Justin Cheng / theedgemalaysia.com
27 April, 2026Updated:about 5 hours ago

KUALA LUMPUR (April 27): Despite recent corrections, Malaysian real estate investment trusts, or REITs, have yet to fully price-in the loss of withholding tax perk, CGS International flagged.

REITs with higher foreign ownership and domestic institutional investors are expected to face more pronounced share price corrections due to greater net yield compression and these investors are more likely to rebalance their holdings, the research firm said.

“We believe investors likely still underestimate the impact of the valuation distortion,” CGS International said, downgrading the Malaysian REIT sector to “neutral” from “overweight”.

Malaysia decided in March to stop giving a preferential rate of 10% for withholding tax on dividends from REITs for most non-corporate investors beginning 2026.

Foreign individuals and institutional investors will be taxed at 30% of chargeable income. Non-resident corporations, meanwhile, will pay a final 24% withholding tax rate.
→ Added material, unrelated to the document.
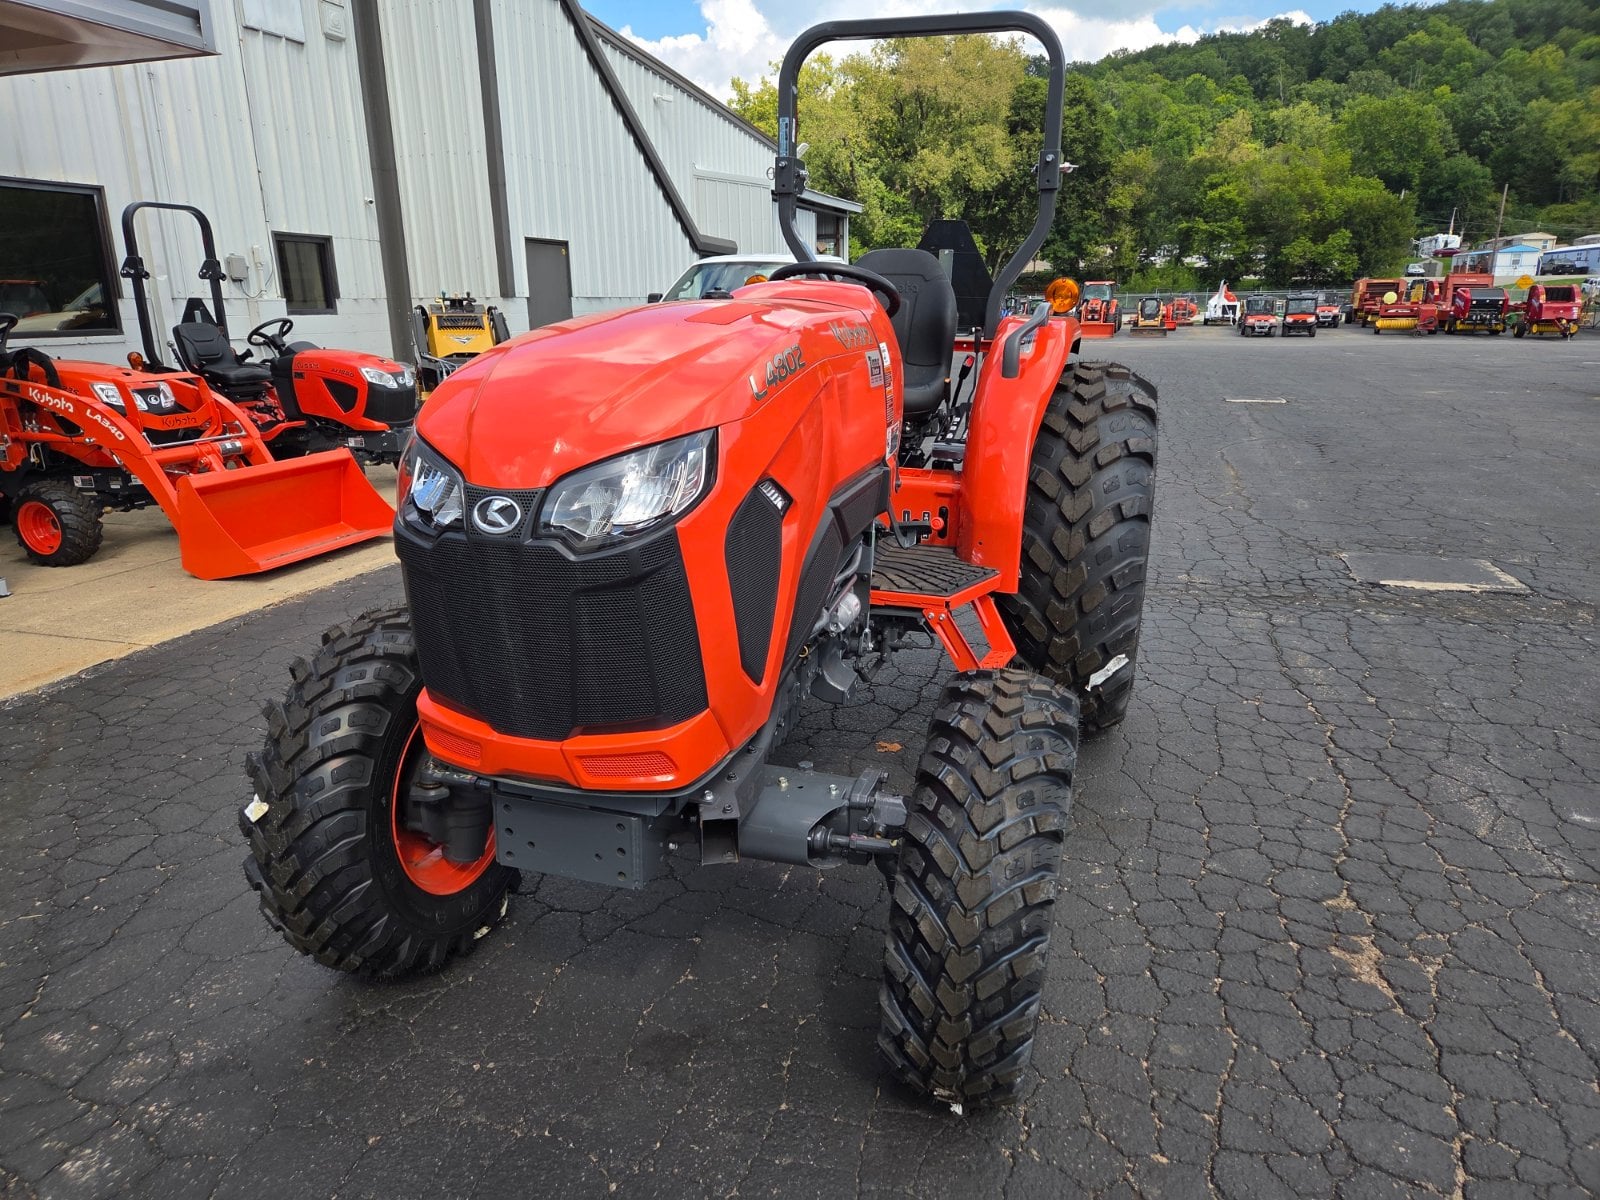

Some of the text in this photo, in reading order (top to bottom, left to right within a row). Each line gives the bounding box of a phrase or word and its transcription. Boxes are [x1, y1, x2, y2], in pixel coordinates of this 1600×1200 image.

[748, 343, 806, 401] L4802
[28, 387, 74, 413] Kubota
[85, 409, 125, 441] LA340
[161, 415, 198, 428] Kubota
Malaysians, meanwhile, will be taxed based on prevailing individual rates with no withholding tax deduction.

CGS International’s analysis found that the weighted average tax rate will increase “meaningfully” across the sector, ranging from 1.1% for KLCC Real Estate Investment Trust (KL:KLCC) to 7.4% for Axis Real Estate Investment Trust (KL:AXREIT).

However, REITs with higher ownership by government-linked investment companies, as well as sponsors and strategic investors, are expected to show “greater price resilience” as their effective tax rates remain broadly unchanged, resulting in minimal yield compression, CGS International said.
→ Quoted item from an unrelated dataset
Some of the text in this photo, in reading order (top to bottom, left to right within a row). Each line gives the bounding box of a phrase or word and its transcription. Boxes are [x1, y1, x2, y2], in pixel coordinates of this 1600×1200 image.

While profit distributions of Malaysian REITs remain intact, the higher effective tax burden raises required yields and compresses fair values, the research house said.

“Going forward, we expect investor focus to shift increasingly towards DPU growth visibility and asset quality, with REITs that demonstrate resilient income growth and active capital management better positioned to offset the structural de-rating pressure,” the research house added.